3 Ways to Get Involved in Renewable Energy

It's a new era for renewable energy: Innovations in technology, design and manufacturing are helping to drive lower costs and improved performance for these natural sources of electricity.

While this has led to a significant increase in renewable energy investments - particularly solar and wind - from electric utilities across the United States, it's also making getting involved in renewable energy much easier for you - whether you're a renter or a homeowner.

Here are three ways that you can start benefitting from clean, renewable sources of electricity:

1. Change your electric rate plan to one powered by renewables.

One of the easiest ways to get involved in renewable energy is to contact your current electricity provider and see if they offer electric rate plans that are powered by renewables (often called “green power plans”). There are several different types of green power plans out there today, but with the most common type, you can choose a percentage (for example, 25, 50 or 100 percent) of your monthly bill that comes from a renewable source.

When you sign up for one of these plans, you are not actually receiving electricity directly from a solar or wind source; rather, you are paying for your utility to buy that amount of renewable energy. These programs typically require you to pay an additional amount each month based on your home’s energy usage, through this fee, you’re directly encouraging your utility to continue investing in renewable energy.

If you don’t mind paying a marginally higher amount for your electricity each month, a green power plan is likely the quickest, easiest way you can get involved in renewable energy. Many power companies offer green power options, so contact your provider today and see what options there are for you. By just changing your rate plan, you can reduce your carbon footprint, while supporting future clean energy developments and contributing to new green power jobs.

2. Participate in a small solar farm that’s located in your community.

Another great way to get involved with renewable energy is to become a participant in a local community solar farm. With community solar, there are no panels to install on your roof – instead, you receive a portion of the energy generated by a small solar farm that’s located in your area.

Photo Credit: Duke EnergyUnlike a green power plan, where you're typically paying extra to support clean energy, the aim of a community solar array is generally to save participants money (although, of course, the environmental benefits are a major benefit for most). There are a few different pricing models out there, but the main two are subscription and ownership.

Under the ownership model, you generally need to pay upfront or take out a loan for your section of the solar array. You’ll then receive solar credits on your power bill for the electricity your section generated. For example, instead of paying for 900 kWh of electricity on your monthly bill (roughly the average for a U.S. household), you could pay for only 100-200 kWh, depending on the output of your section – drastically cutting the amount of your monthly bill.

You can also subscribe to a community solar farm. Under this model, you usually sign up for a year or two at a set kWh price for the electricity generated and pay for it on your monthly bill. This rate could be lower than what your utility offers, so it could be a good money-saver. In other cases, it could be slightly higher, and participants are enrolling to support clean energy that’s produced locally.

If you're interested in participating in community solar, EnergySage offers an online Community Solar Marketplace™ tool that’s sortable by state. You can see what projects are available for you and the specific terms required for participation.

3. Invest in solar panels for your home’s rooftop for a long-term commitment.

The final way to get involved in renewable energy is arguably the most well-known (and the biggest commitment) – installing solar panels on your home’s rooftop. Although the financial and environmental benefits of rooftop solar can be considerable, there’s a lot of misinformation out there from various parties, so it’s encouraged that you do plenty of research before making this investment.

For example, rooftop solar isn’t ideal for every home (due to the roof size, shade and other factors), and if you’re monthly power bills are already low, you need to consider that there won’t be as much return-on-investment for you. And not all states allow you to sell the electricity you generate back to the grid when you aren’t using all of it – which can substantially impact both your monthly bills and your long-term payback period. Also, if you plan on moving in the next five years, it may be best to skip the rooftop panels (although it can increase your home’s value).
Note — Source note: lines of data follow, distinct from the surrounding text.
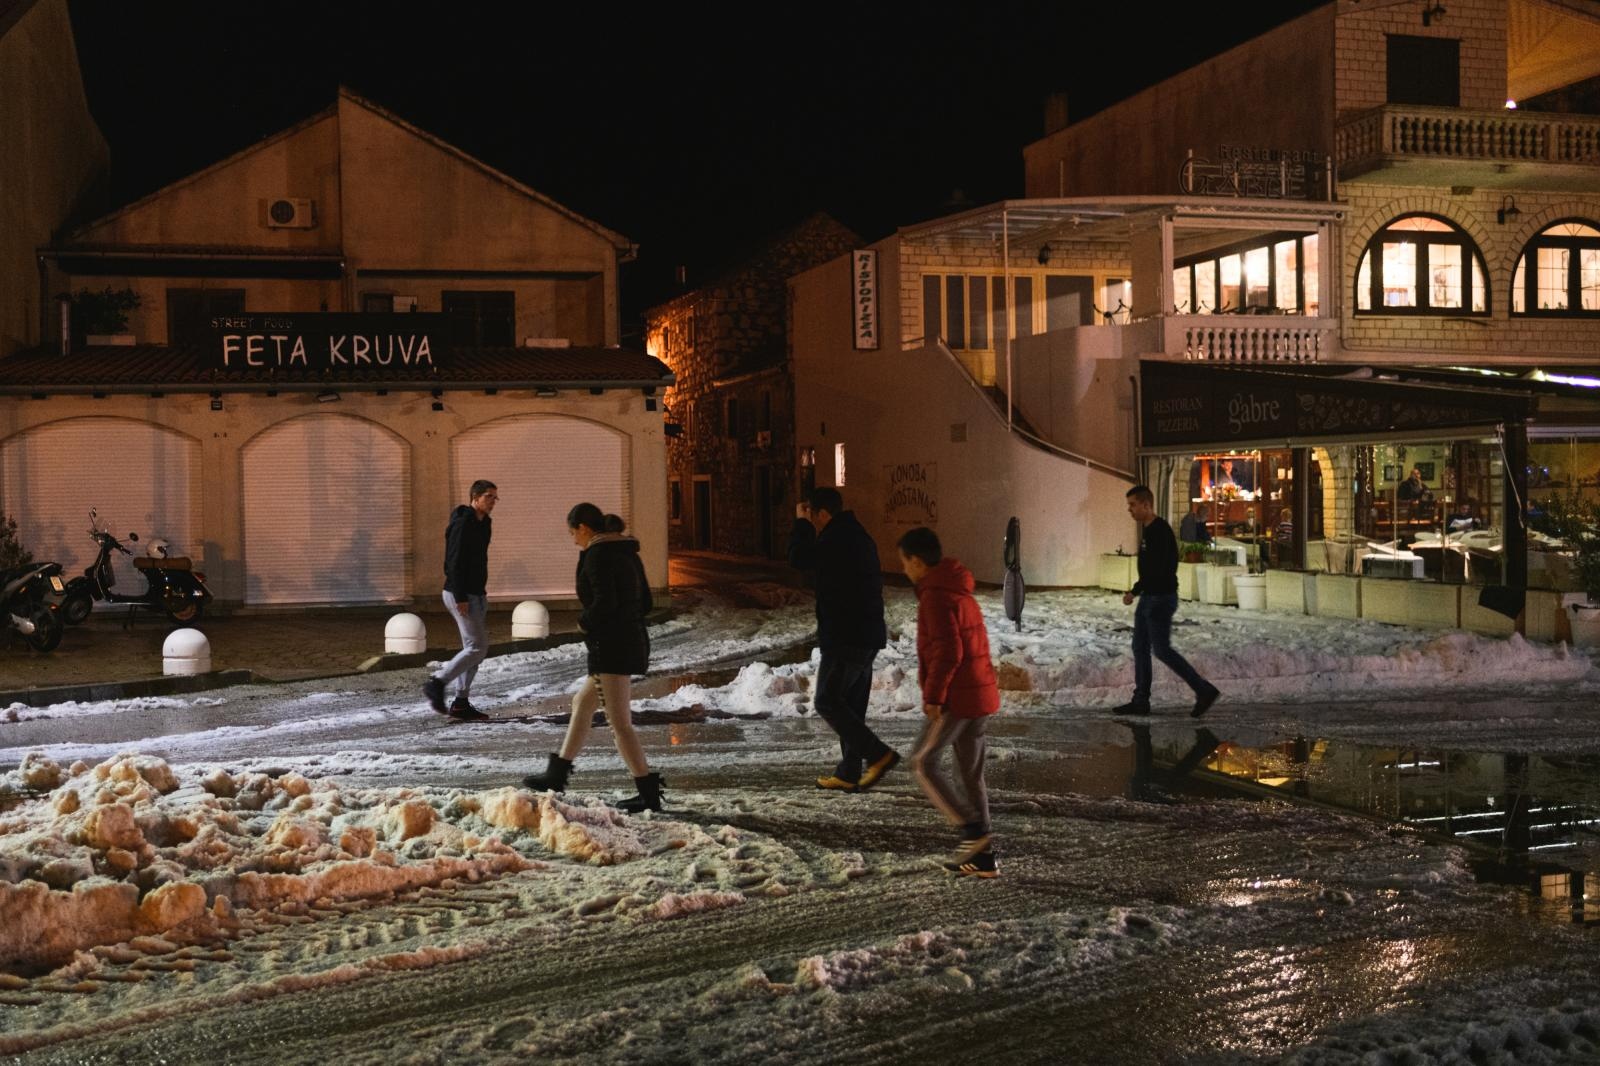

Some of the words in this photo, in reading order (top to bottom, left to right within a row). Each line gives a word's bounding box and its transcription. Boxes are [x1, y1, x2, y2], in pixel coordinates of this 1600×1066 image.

[858, 254, 872, 338] RISTOPIZZA
[222, 334, 307, 366] FETA
[328, 334, 433, 366] KRUVA
[1153, 397, 1202, 415] RESTORAN
[1157, 416, 1200, 433] PIZZERIA
[890, 464, 927, 486] KONOBA
However, the good news is that if you’re interested in rooftop solar, there are many tools available from power companies and others to help in the process. For example, Con Edison and National Grid – large utilities serving customers in Northeastern U.S. – offer online marketplaces for learning about getting a rooftop solar system installed. These marketplaces can help you learn about the technology, find qualified contractors and get personalized cost estimates. They can also help you understand the estimated cost savings from installing a solar system. The aforementioned EnergySage is also an excellent resource for getting objective info.
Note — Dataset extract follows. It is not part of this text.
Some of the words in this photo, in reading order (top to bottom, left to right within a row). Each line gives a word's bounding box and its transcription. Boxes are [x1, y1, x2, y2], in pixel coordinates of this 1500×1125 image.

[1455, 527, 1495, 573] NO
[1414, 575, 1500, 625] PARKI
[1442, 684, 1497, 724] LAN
If you’re considering rooftop solar, check with your power company to see what resources they have on hand to help you. They also may have a vetted list of solar contractors – but definitely get multiple quotes as installation costs can vary significantly.
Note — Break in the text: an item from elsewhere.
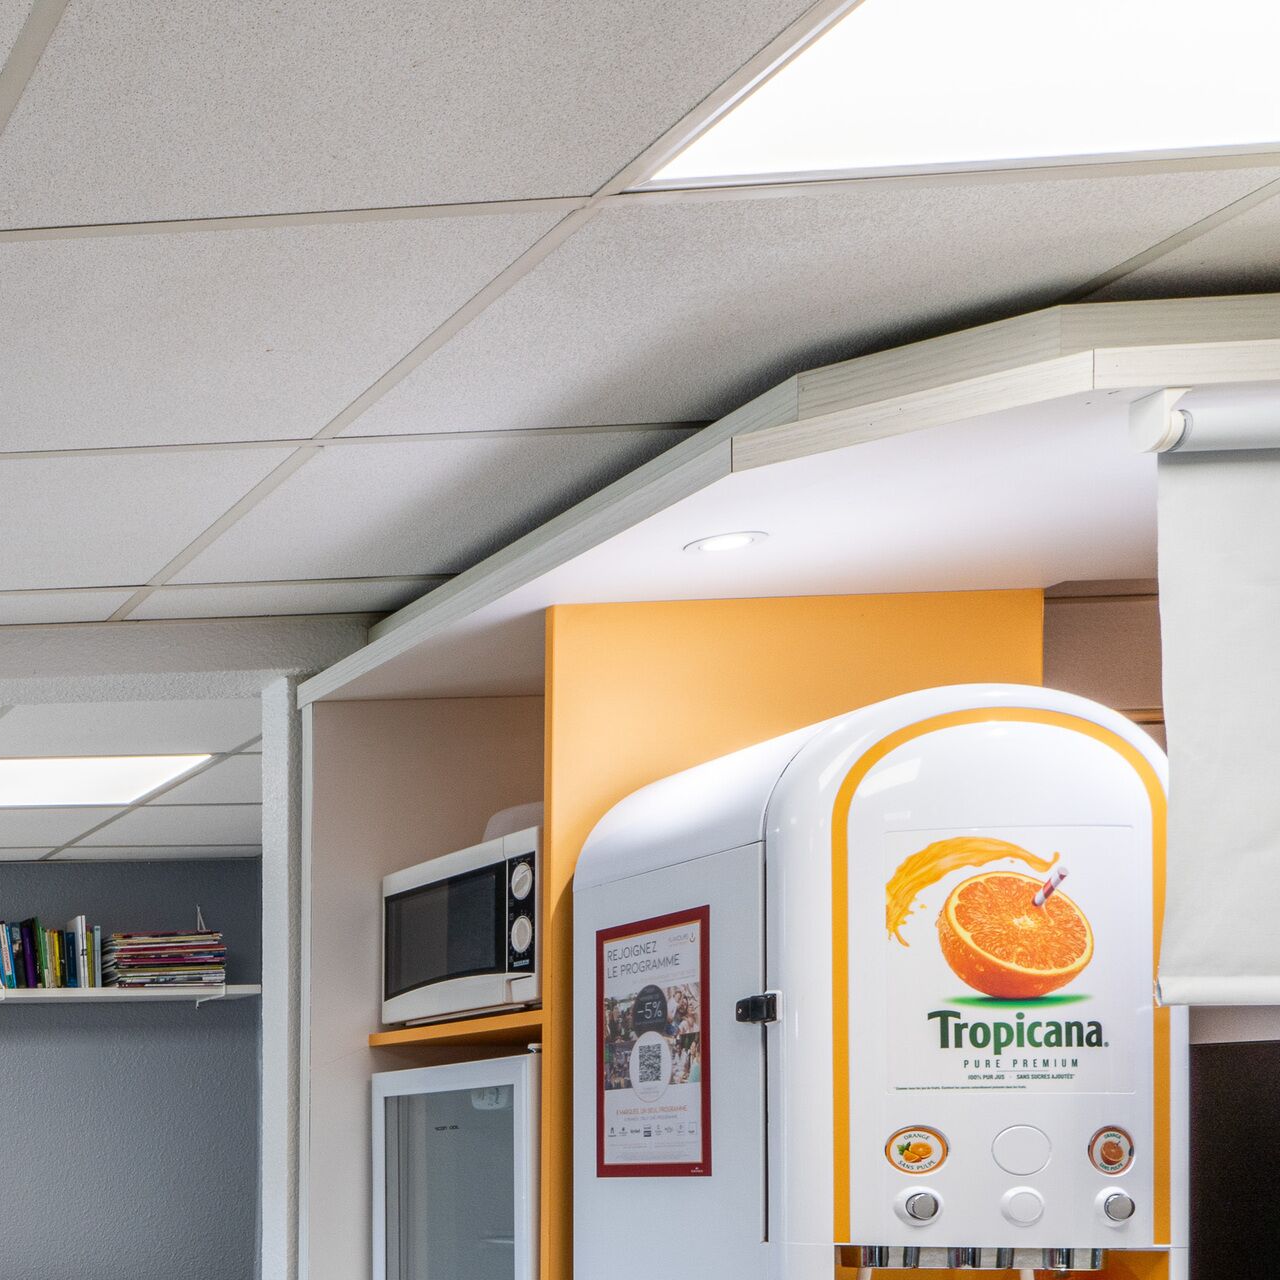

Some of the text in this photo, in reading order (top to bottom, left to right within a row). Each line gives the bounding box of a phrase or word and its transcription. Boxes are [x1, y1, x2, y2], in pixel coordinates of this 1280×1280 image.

Conclusion: A new era for renewables

Renewable energy is a fast-growing source of electricity in the United States for good reason – it’s increasingly affordable and provides numerous environmental and community benefits as well. If you’re interested but haven’t looked at getting involved in renewable energy recently, it may be time to check again. Power companies now have more options than ever for green pricing plans, and many offer tools and information on community and rooftop solar and other options.